[EXERCISE DATA — start]
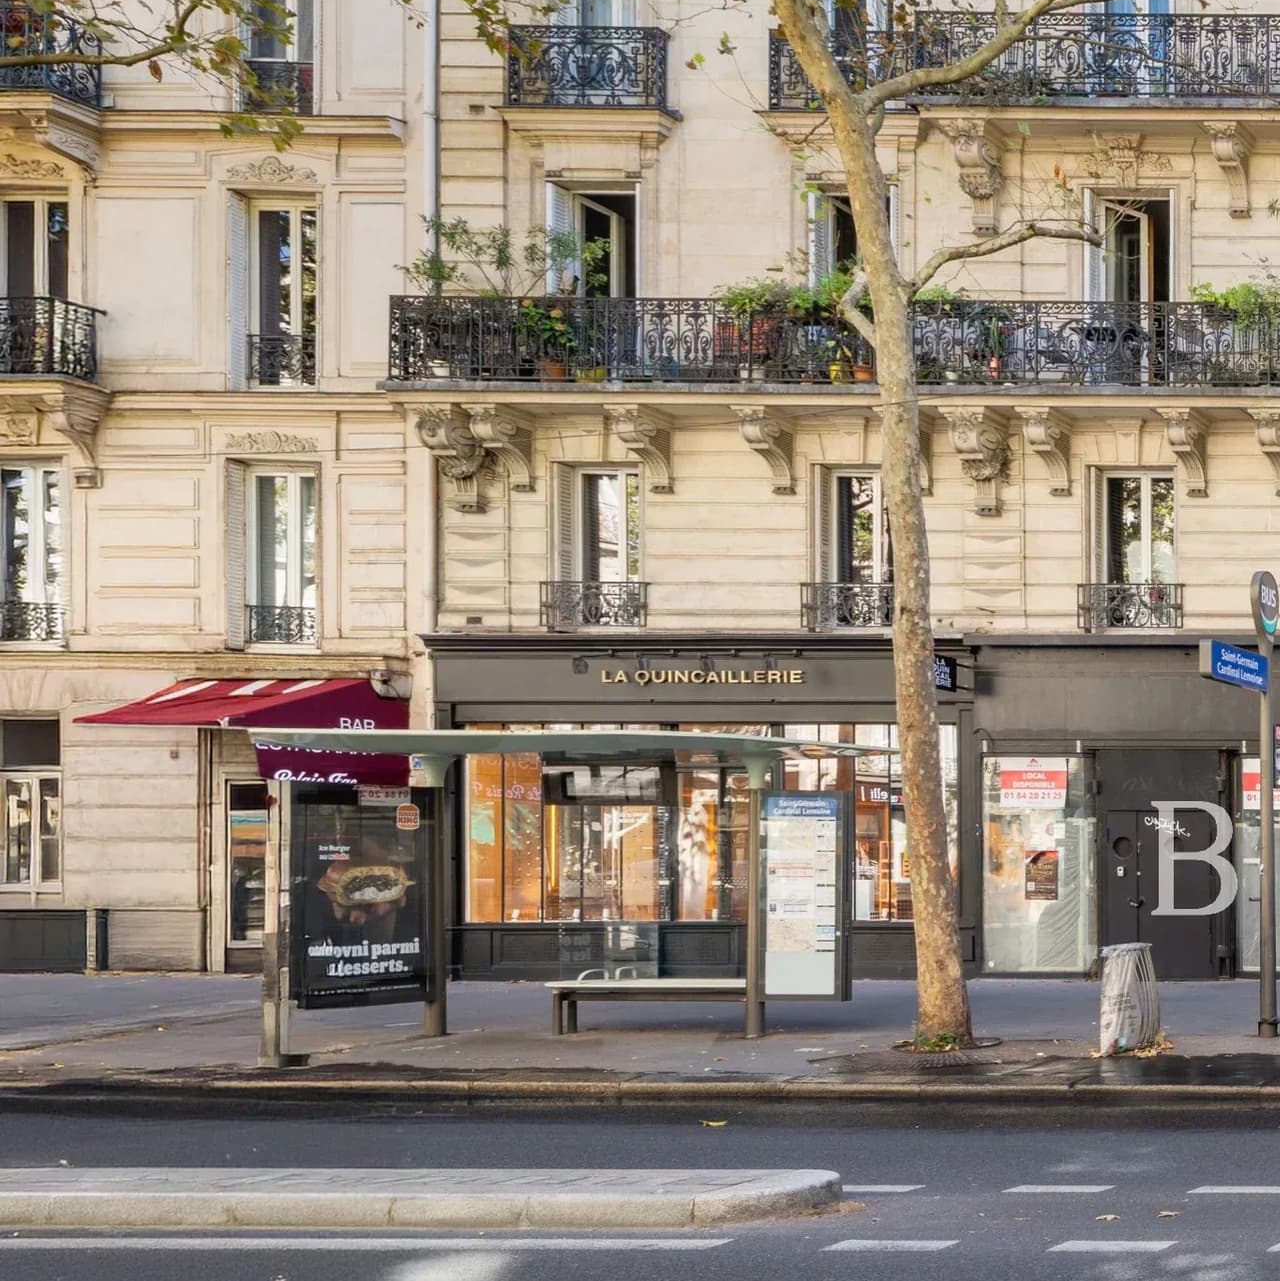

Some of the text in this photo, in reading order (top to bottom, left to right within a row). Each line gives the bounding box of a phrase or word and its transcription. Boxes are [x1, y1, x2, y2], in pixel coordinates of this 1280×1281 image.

[1261, 587, 1277, 608] BUS
[1221, 648, 1259, 671] Saint-Germain
[601, 670, 803, 686] LA QUINCAILLERIE
[1217, 662, 1241, 679] Cardinal
[339, 718, 376, 730] BAR
[1022, 772, 1047, 780] LOCAL
[371, 937, 420, 959] parmi
[EXERCISE DATA — finish]
REQUIRED ACTION – What is needed is a verbatim copy of the material, minus its pictures.

TASK OUTPUT –
Some of the text in this photo, in reading order (top to bottom, left to right within a row). Each line gives the bounding box of a phrase or word and its transcription. Boxes are [x1, y1, x2, y2], in pixel coordinates of this 1280×1281 image.

[1261, 587, 1277, 608] BUS
[1221, 648, 1259, 671] Saint-Germain
[601, 670, 803, 686] LA QUINCAILLERIE
[1217, 662, 1241, 679] Cardinal
[339, 718, 376, 730] BAR
[1022, 772, 1047, 780] LOCAL
[371, 937, 420, 959] parmi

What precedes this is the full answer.